Nod2 is required for the early innate immune clearance of Acinetobacter baumannii from the lungs

Acinetobacter baumannii ( A . baumannii ) is a significant cause of severe nosocomial pneumonia in immunocompromised individuals world-wide. With limited treatment options available, a better understanding of host immnity to A . baumannii infection is critical to devise alternative control strategies.
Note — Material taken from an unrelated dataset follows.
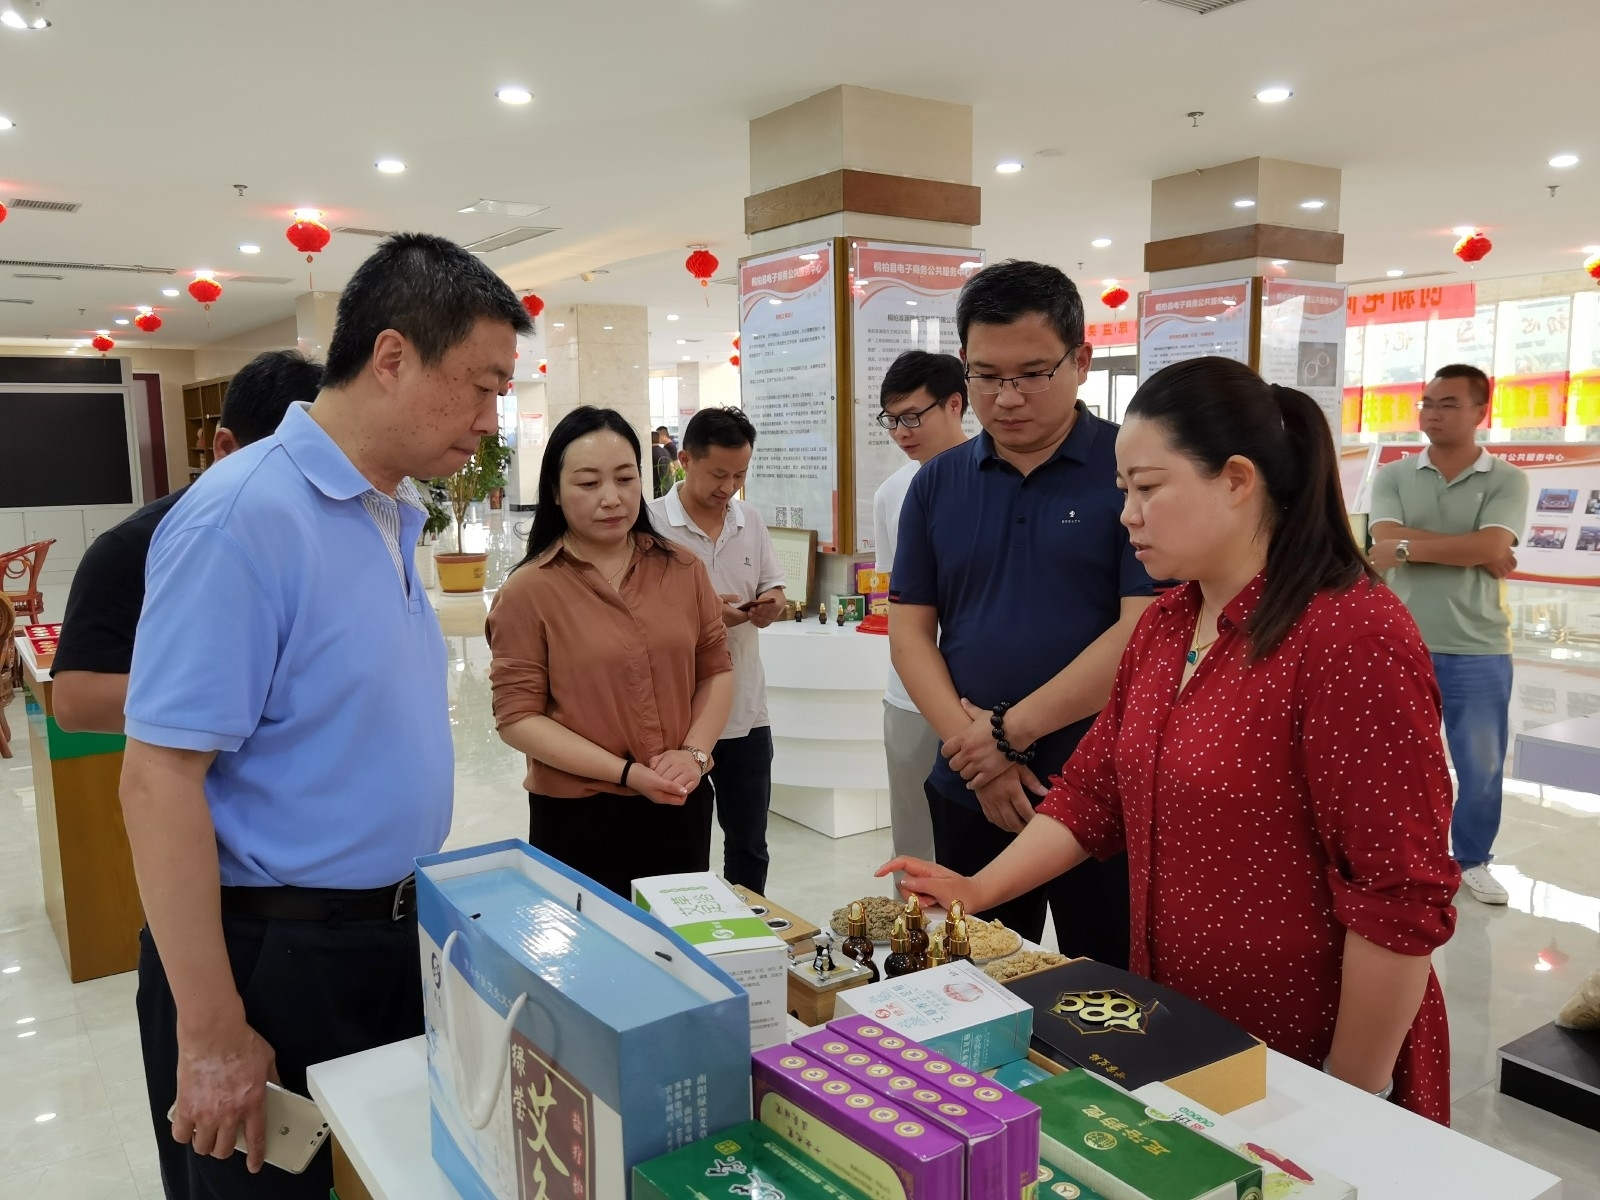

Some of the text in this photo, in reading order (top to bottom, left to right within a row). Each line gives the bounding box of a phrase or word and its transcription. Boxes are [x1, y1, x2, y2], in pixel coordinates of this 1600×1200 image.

[751, 264, 823, 288] 桐柏县电子商务公共服务中心
[873, 261, 972, 278] 桐柏县电子商务公共服务中心
[1081, 1104, 1171, 1156] 足浴药包
Our previous study has identified that intracellular Nod1/Nod2 signaling pathway is required for the immune control of A . baumannii in airway epithelial cells in vitro . In the current study, using Nod2 −/− mice and an in vivo sublethal model of pulmonary infection, we show that Nod2 contributes to the early lung defense against A . baumannii infection through reactive oxygen species (ROS)/reactive nitrogen species (RNS) production as Nod2 −/− mice showed significantly reduced production of ROS/RNS in the lungs following A . baumannii infection. Consistent with the higher bacterial load, A . baumannii -induced neutrophil recruitment, cytokine/chemokine response and lung pathology was also exacerbated in Nod2 −/− mice at early time points post-infection. Finally, we show that administration of Nod2 ligand muramyl dipeptide (MDP) prior to infection protected the wild- type mice from A . baumannii pulmonary challenge. Collectively, Nod2 is an important player in the early lung immunity against A . baumannii and modulating Nod2 pathway could be considered as a viable therapeutic strategy to control A . baumannii pulmonary infection.